Face au projet de Nicolas Sarkozy de miser particulièrement sur l’alternance dans le domaine de l’apprentissage, le Parti Socialiste n’a pas tardé de réagir pour manifester son insatisfaction face à cette nouvelle mesure gouvernementale. Celle-ci se résume entre autre par la promesse de former plus de 800 000 d’apprentis jusqu’en 2015 et plus d’un million jusqu’à la fin du projet.

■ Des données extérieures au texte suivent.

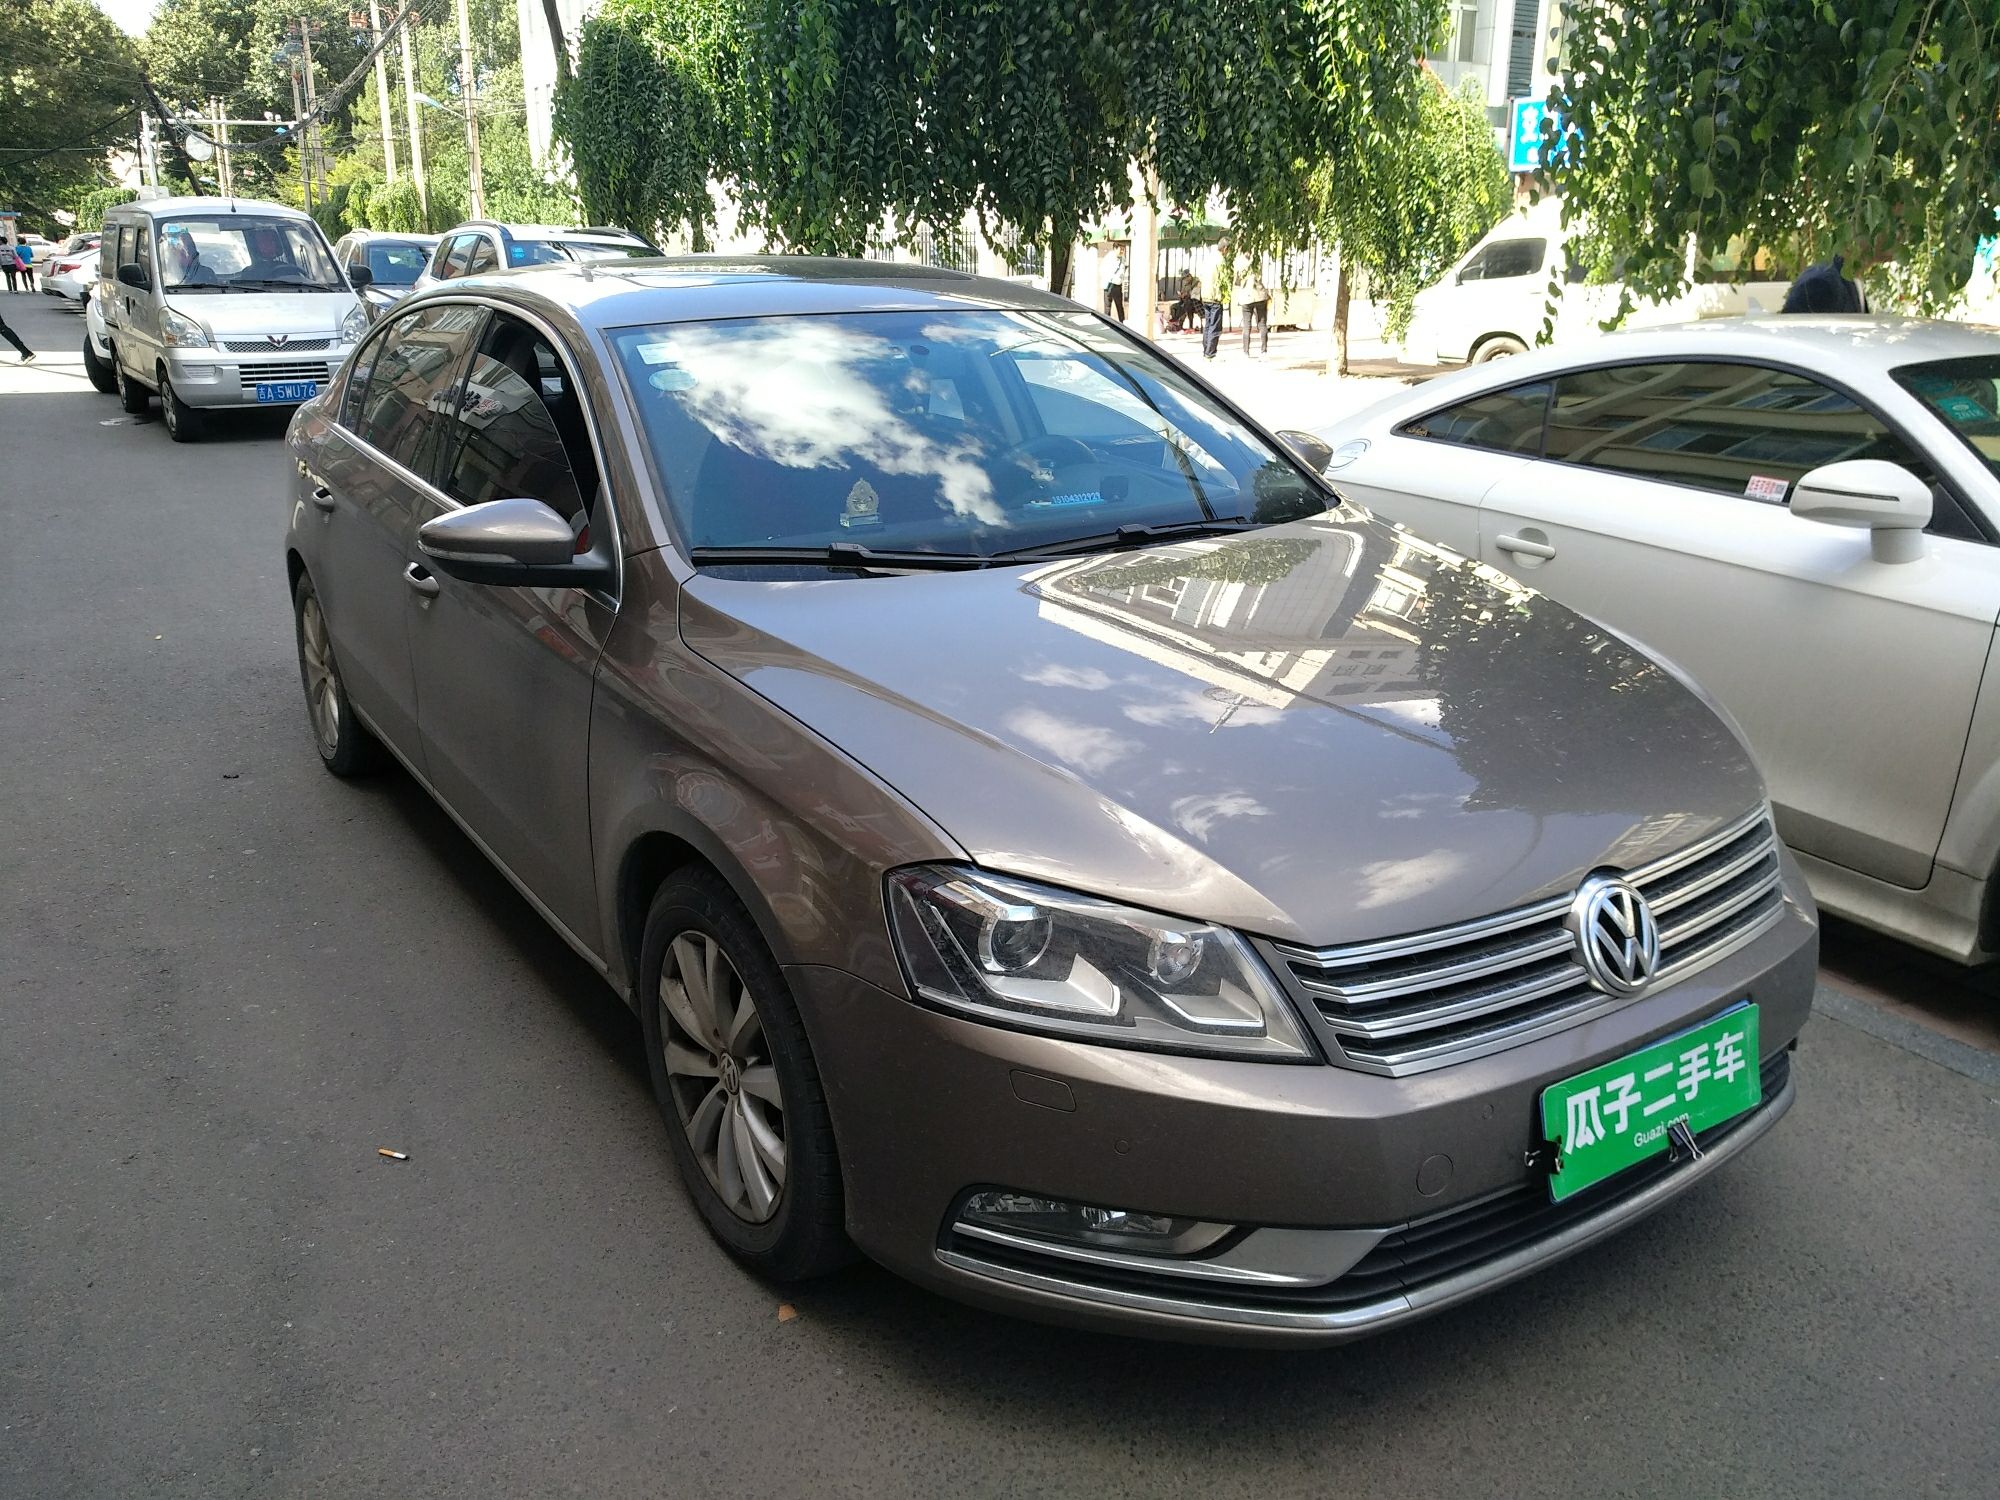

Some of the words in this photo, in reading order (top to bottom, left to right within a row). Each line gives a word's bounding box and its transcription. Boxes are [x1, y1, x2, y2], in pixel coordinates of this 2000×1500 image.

[1564, 1031, 1746, 1155] 瓜子二手车

Le Parti Socialiste dénonce alors que ce type de promesse est typique de la droite depuis une décennie, mais rien de concret n’a été fait. Le PS rappelle entre autres que contrairement aux promesses faites, le nombre d’effectifs et les places en apprentissage n’ont pas augmenté. Au contraire, les chiffres y afférant sont en baisse. Le domaine est également fortement touché par le chômage. Par ailleurs, le parti d’affirmer que ce type de contrat n’est pas objectif et que de nombreux critères discriminatoires entre en jeux.

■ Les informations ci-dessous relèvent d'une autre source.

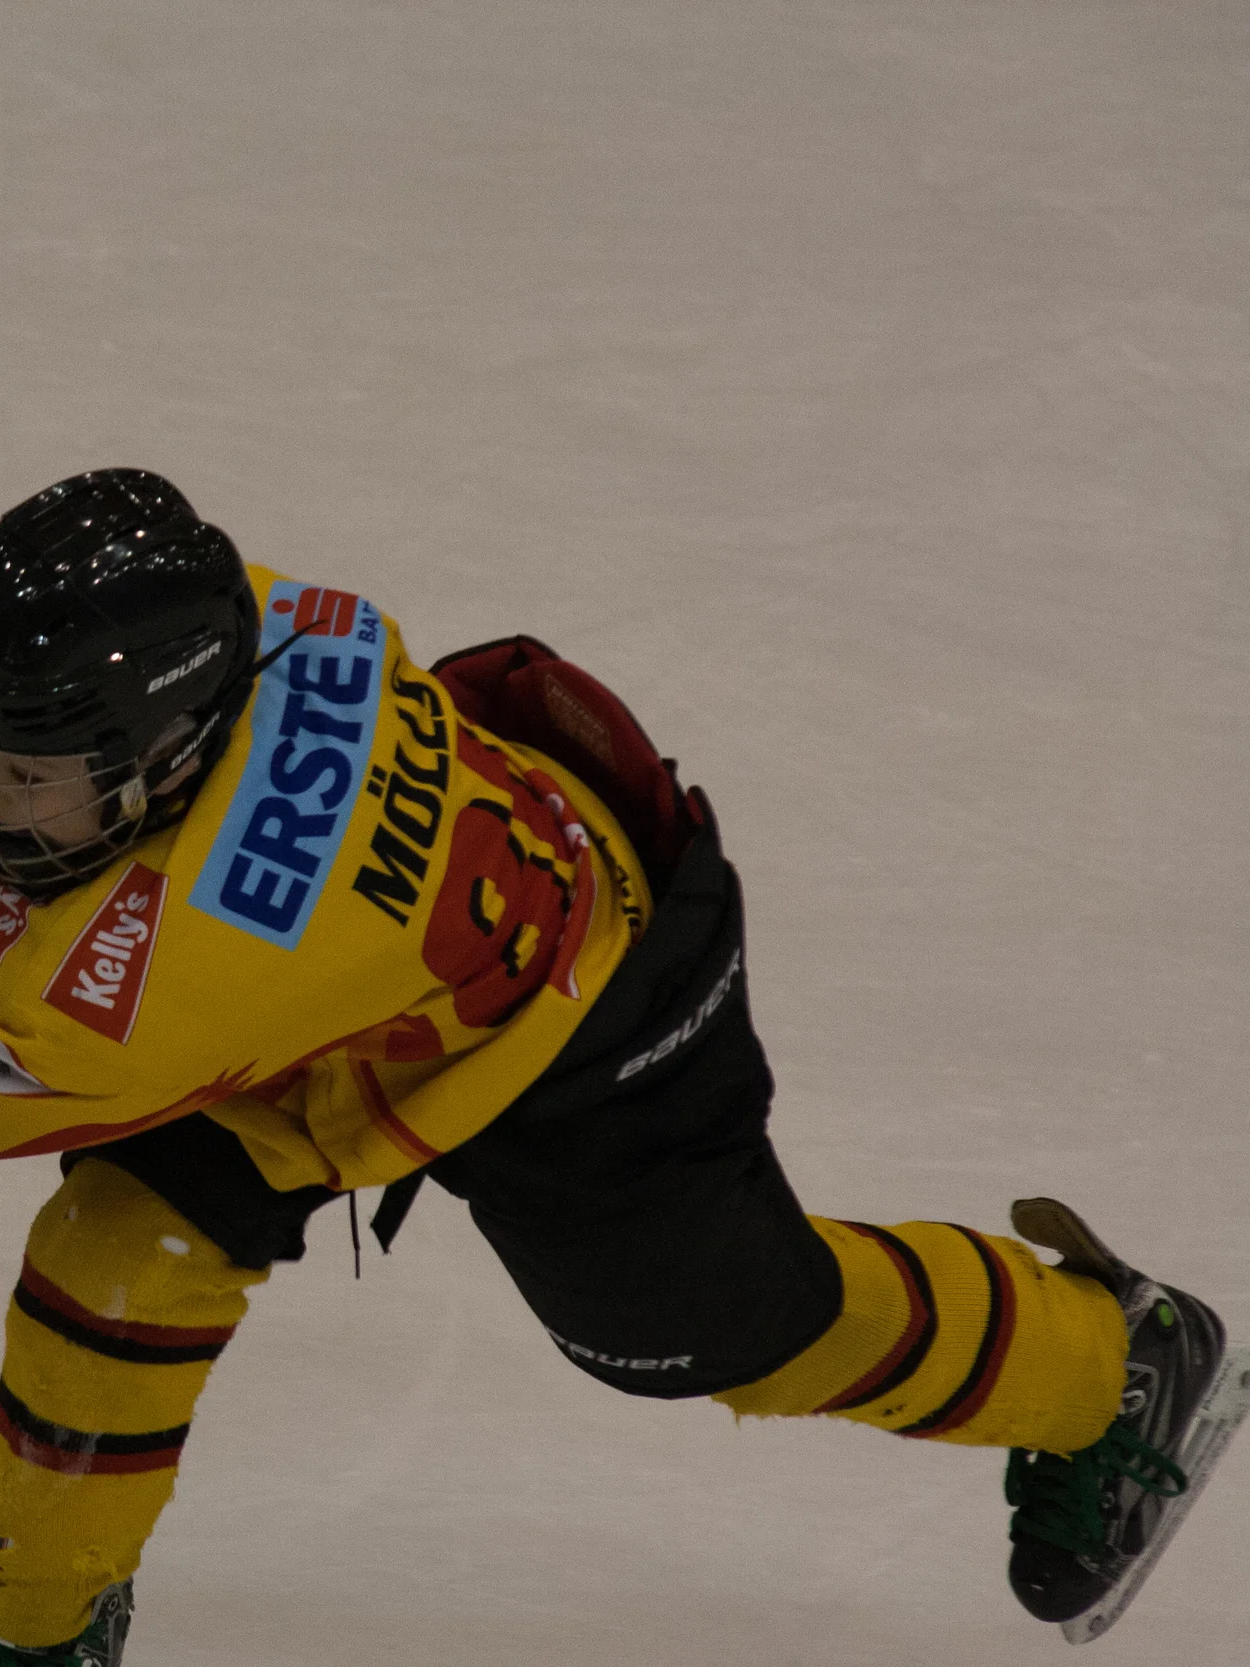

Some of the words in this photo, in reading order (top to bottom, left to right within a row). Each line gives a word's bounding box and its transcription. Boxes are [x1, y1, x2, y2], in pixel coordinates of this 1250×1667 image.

[147, 640, 221, 694] BAUER
[219, 653, 372, 933] ERSTE
[71, 891, 149, 1010] Kelly's
[616, 947, 741, 1082] BAUER

Le PS dénonce par exemple un taux d’embauche particulièrement bas, sinon inexistant, dès que l’apprenti en question est issu d’un quartier chaud ou populaire. On remarque également que seulement 30% des apprentis sont des jeunes femmes. Le parti de Ségolène Royal dénonce par ailleurs le fait que les régions n’entrent pas réellement en jeu dans ce domaine alors que c’est la condition sine qua none pour promouvoir le domaine. Depuis 1982, les régions peuvent en effet parfaitement intervenir dans ce domaine. Les socialistes rappellent également que leurs régions se soucient particulièrement de l’avenir professionnel des jeunes. Plus du quart du budget de chaque région socialiste est d’ailleurs consacré aux jeunes. Le PS propose alors comme solution au chômage des jeunes d’améliorer le système des formations professionnelles en vue de l’obtention du CAP ou du Bac professionnel. Le parti avance pourtant qu’une telle solution n’est pas la bienvenue face aux nombreuses compressions de personnels du domaine de l’enseignement professionnel.